Outsiders Dominating Large Development in New York
The Manhattan real estate market recovered so rapidly that it’s easy to forget that this recovery has not been uniform. The weak spot in the market continues to be financing; securing loans for large developments has proven to be almost impossible (with a few notable exceptions), and it’s a quandary that local developers don’t have an answer for. Someone was bound to fill this void, and it’s happening as we speak: Real Estate Investment Trusts from around the country are buying and building properties all over Manhattan.
For those of you unfamiliar with the term, REITs are publicly traded corporations that can easily buy up and develop properties because their financing structure allows them to bypass the banks.
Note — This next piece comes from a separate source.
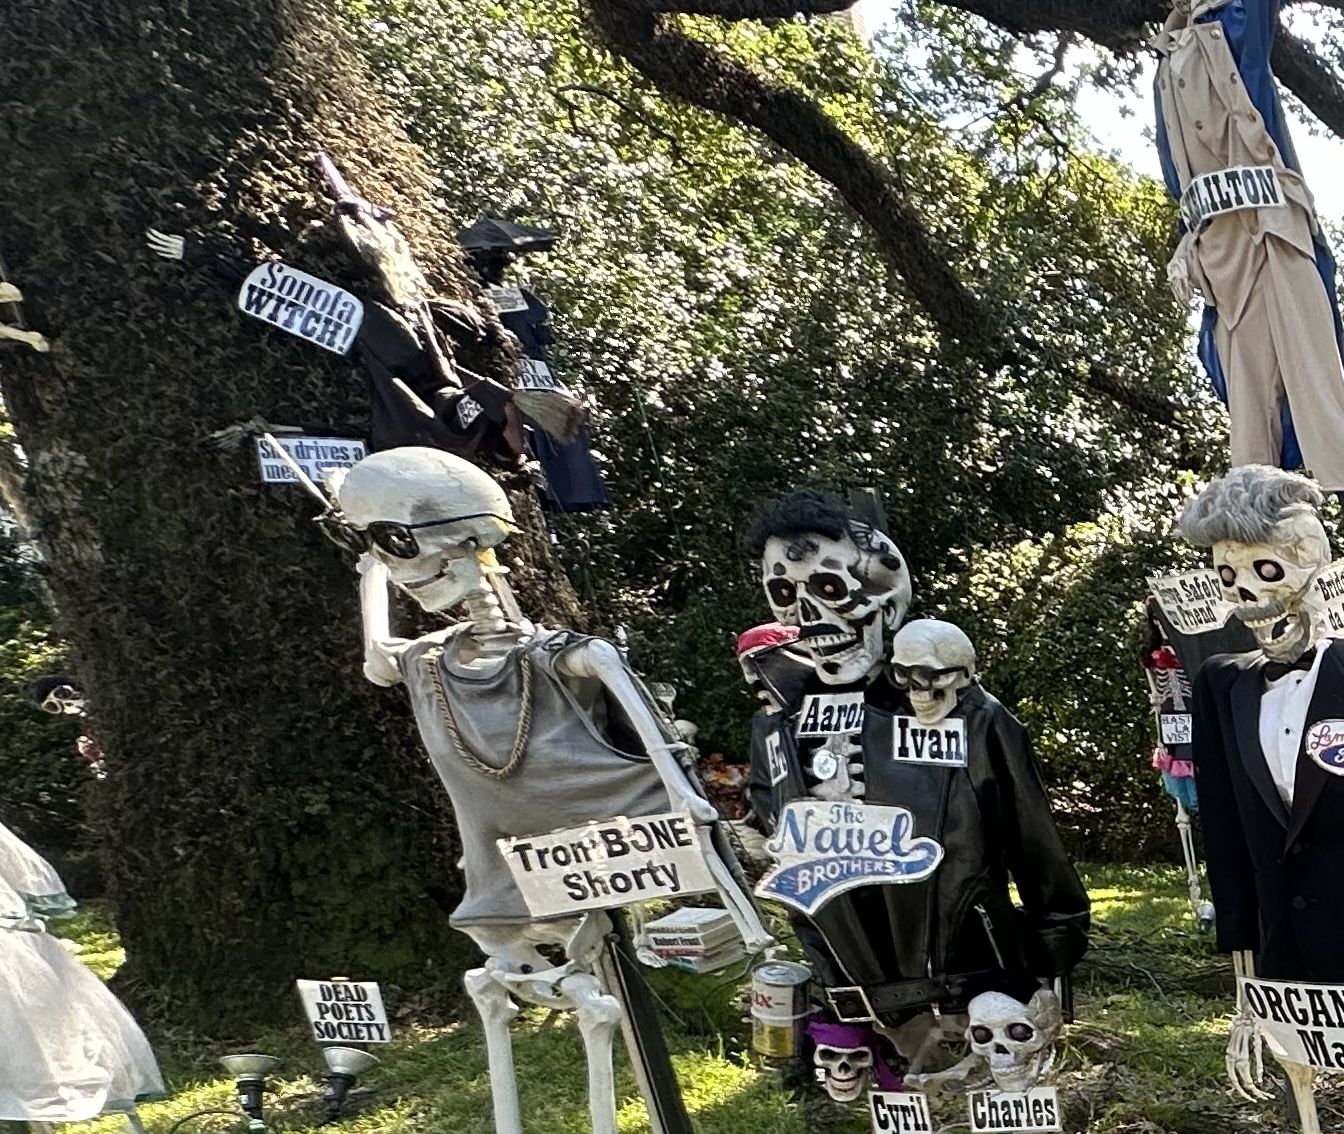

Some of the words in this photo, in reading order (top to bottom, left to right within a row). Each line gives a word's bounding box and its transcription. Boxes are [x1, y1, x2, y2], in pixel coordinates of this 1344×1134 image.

They are organized for federal tax purposes; if 90% of their taxable income goes back to shareholders, they pay little or no entity-level tax. They pool money obtained by selling shares to investors and then invest it directly into real estate, and this direct access gives them a definitive competitive advantage over even the most powerful New York based developers.
The major players are AvalonBay Communities, UDR Inc., and Equity Residential. AvalonBay recently began working on a massive 691-unit apartment building near the High Line in Chelsea; UDR spent almost $1 billion on residential Manhattan properties, including Rivergate and 21 Chelsea; and Equity Residential paid $76.5 million to build a 230-unit apartment building on a site in the Upper West Side. These investments are probably just the beginning: their market caps are $16 billion, $5 billion, and $11 billion, respectively. The recession has done little to temper their success. In fact, it has probably helped. Tom Toomey, chief executive of UDR, told the Wall Street Journal that, “We perform best when the economy is wobbling.” No kidding. Right now they are all seriously outstripping their competition, and chances are this trend will continue into the foreseeable future.